**** GIVEN RECORDS ****

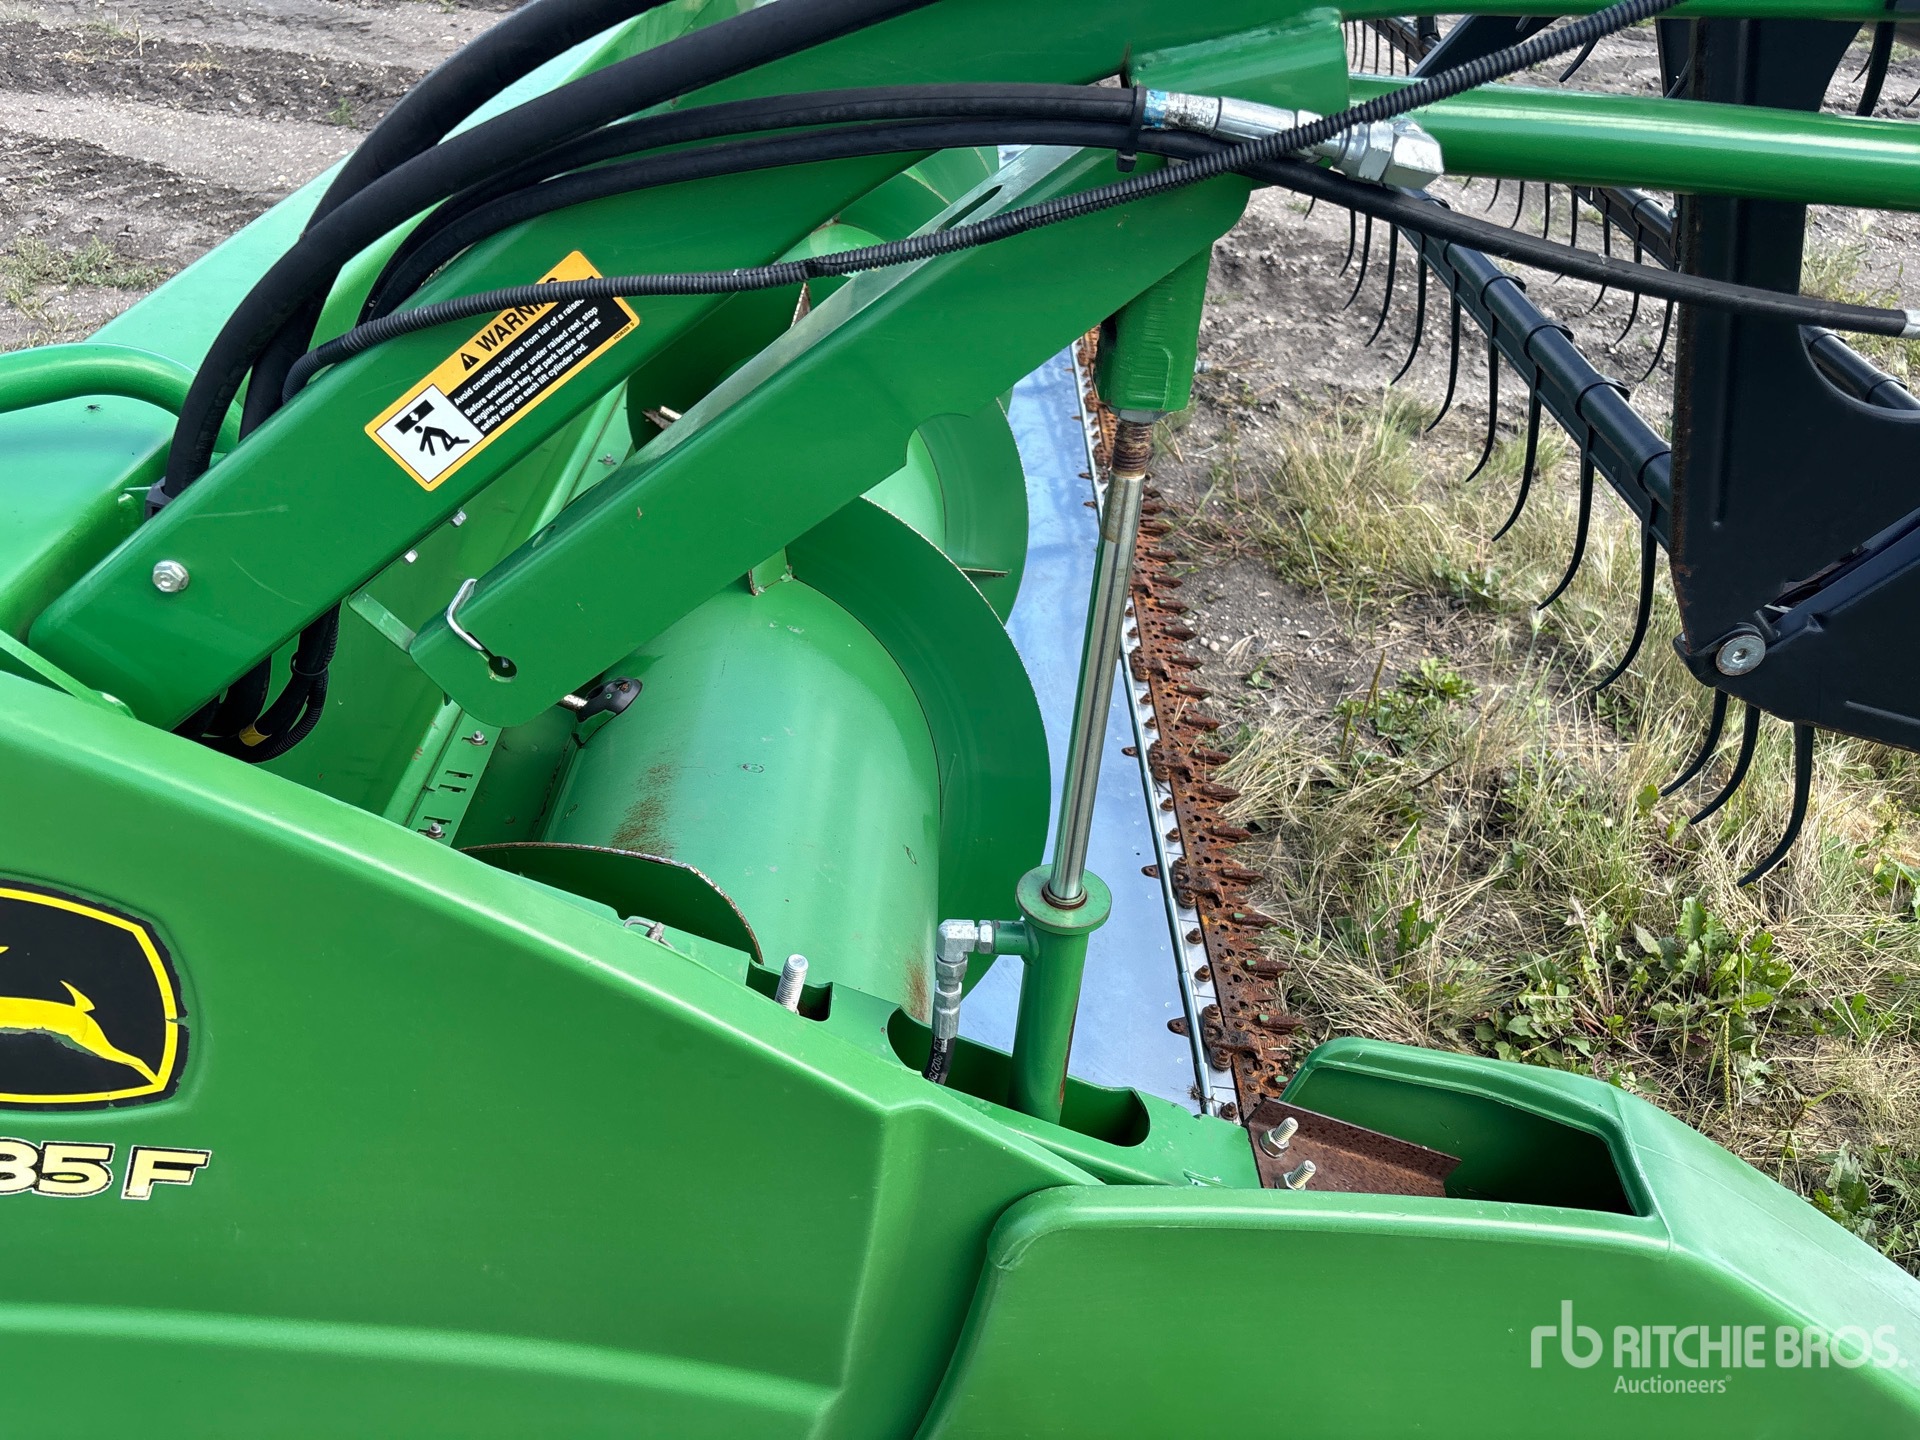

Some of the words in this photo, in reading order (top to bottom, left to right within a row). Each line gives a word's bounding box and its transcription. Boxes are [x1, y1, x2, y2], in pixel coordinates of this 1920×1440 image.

[454, 387, 473, 405] Avoid
[472, 365, 501, 390] crushing
[498, 346, 524, 367] injuries
[522, 333, 539, 347] from
[538, 323, 550, 335] fall
[550, 316, 558, 326] of
[464, 397, 486, 416] Before
[485, 377, 512, 399] working
[511, 369, 521, 378] on
[520, 362, 528, 371] or
[528, 347, 547, 364] under
[547, 329, 568, 349] raised
[582, 307, 597, 320] stop
[480, 413, 500, 431] safety
[499, 402, 514, 415] stop
[513, 394, 523, 403] on
[522, 382, 539, 396] each
[537, 373, 549, 384] lift
[548, 353, 573, 376] cylinder
[495, 384, 519, 405] remove
[531, 364, 543, 375] set
[542, 353, 558, 368] park
[556, 338, 576, 355] brake
[575, 326, 589, 340] and
[588, 318, 600, 329] set
[121, 1144, 212, 1201] F

****

> WHAT IS REQUIRED
All entries are to be retyped exactly. Omit any embedded images.

> FINAL ANSWER
Some of the words in this photo, in reading order (top to bottom, left to right within a row). Each line gives a word's bounding box and its transcription. Boxes are [x1, y1, x2, y2], in pixel coordinates of this 1920×1440 image.

[454, 387, 473, 405] Avoid
[472, 365, 501, 390] crushing
[498, 346, 524, 367] injuries
[522, 333, 539, 347] from
[538, 323, 550, 335] fall
[550, 316, 558, 326] of
[464, 397, 486, 416] Before
[485, 377, 512, 399] working
[511, 369, 521, 378] on
[520, 362, 528, 371] or
[528, 347, 547, 364] under
[547, 329, 568, 349] raised
[582, 307, 597, 320] stop
[480, 413, 500, 431] safety
[499, 402, 514, 415] stop
[513, 394, 523, 403] on
[522, 382, 539, 396] each
[537, 373, 549, 384] lift
[548, 353, 573, 376] cylinder
[495, 384, 519, 405] remove
[531, 364, 543, 375] set
[542, 353, 558, 368] park
[556, 338, 576, 355] brake
[575, 326, 589, 340] and
[588, 318, 600, 329] set
[121, 1144, 212, 1201] F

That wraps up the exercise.